Performance is the other hidden cost. Boxing values into interface{} allocates memory on the heap. Unboxing them later requires a type check and a pointer dereference. If you are parsing millions of records or building a high-throughput API, this pattern will show up in p99 latency reports. The decoder also creates a new map and slice for every nested object or array. Memory usage scales with the depth and size of the JSON.
Go 1.18 introduced any as an alias for interface{}. The compiler treats them identically. Use any in new code for readability, but know that older tutorials and standard library examples still use interface{}. The convention aside: if err != nil { return err } is verbose by design. The community accepts the boilerplate because it makes the unhappy path visible. Do not swallow errors or wrap them in silent if blocks.

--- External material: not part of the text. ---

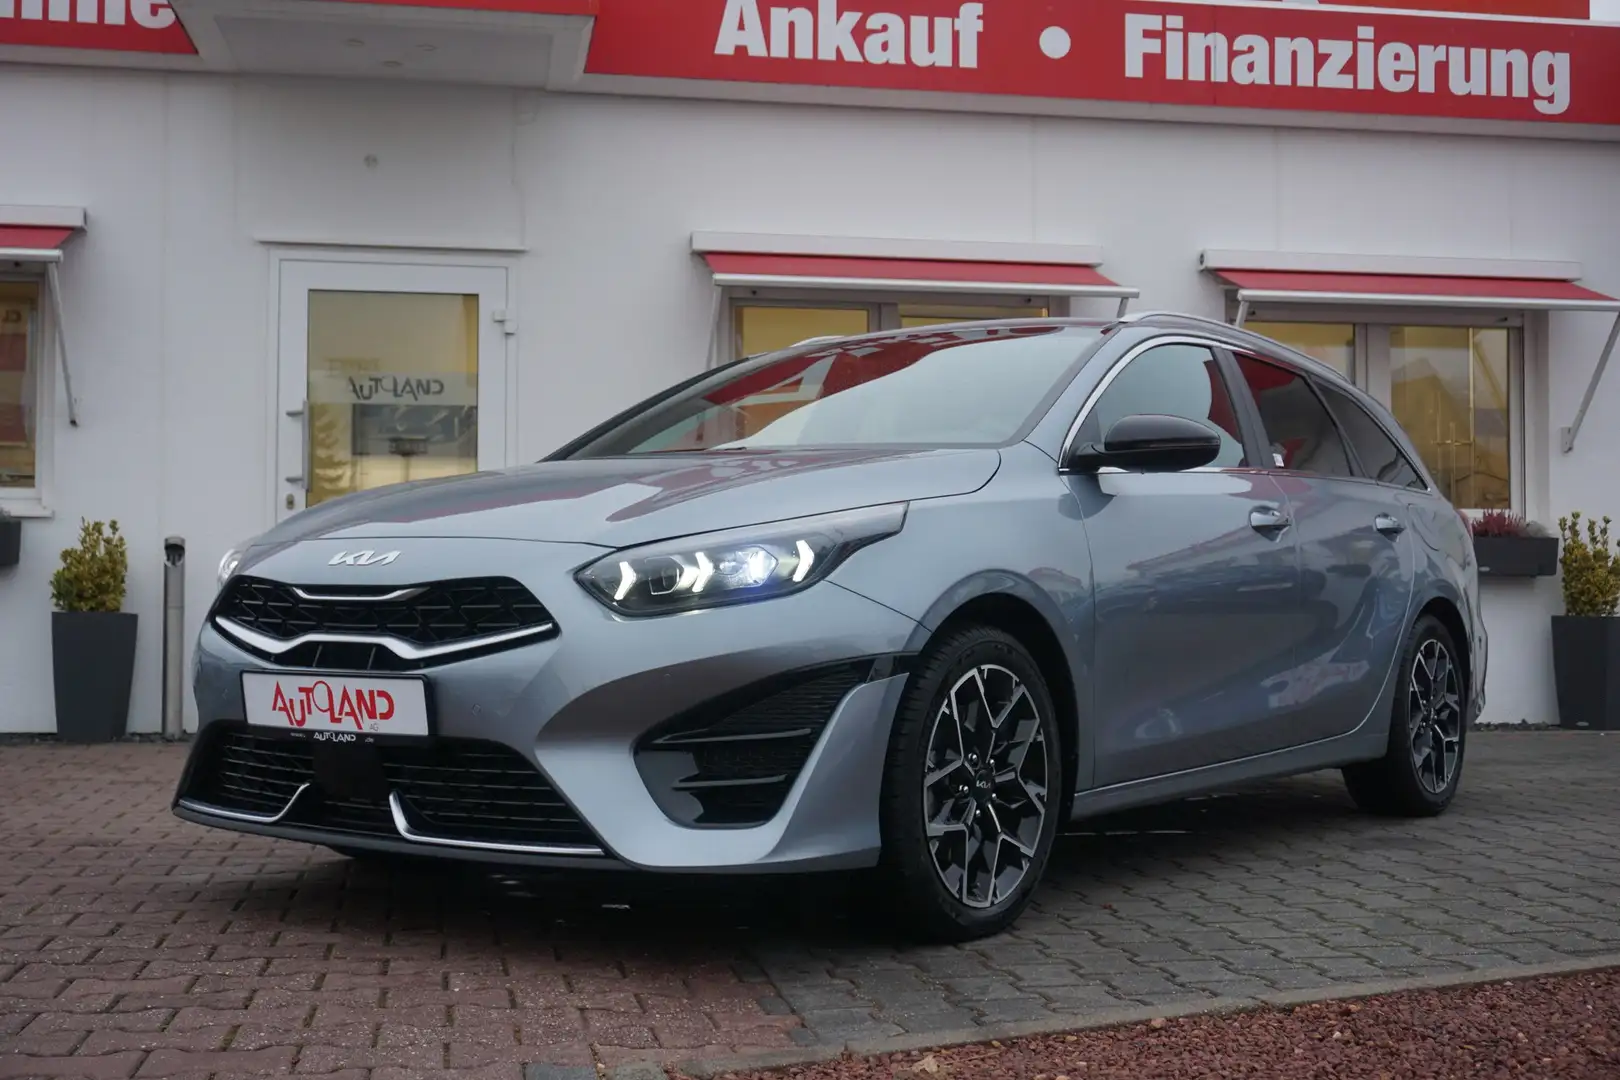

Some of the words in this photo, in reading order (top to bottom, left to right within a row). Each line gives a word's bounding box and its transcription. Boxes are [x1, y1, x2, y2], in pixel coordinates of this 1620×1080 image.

When to use maps versus structs
Use a map[string]interface{} when the JSON shape is truly unknown or changes frequently. Use a map[string]interface{} when you are building a generic JSON transformer that routes payloads to different handlers. Use a typed struct when the schema is stable and you want compile-time safety. Use a typed struct when performance matters and you want to avoid heap allocations. Use json.RawMessage when you need to defer parsing of a specific field until later. Use plain sequential code when you don't need concurrency: the simplest thing that works is usually the right thing.
Dynamic maps are a tool for flexibility, not a default. The moment you start writing type switches for every field, you have essentially rebuilt a struct by hand. At that point, defining a proper type pays for itself in readability and safety.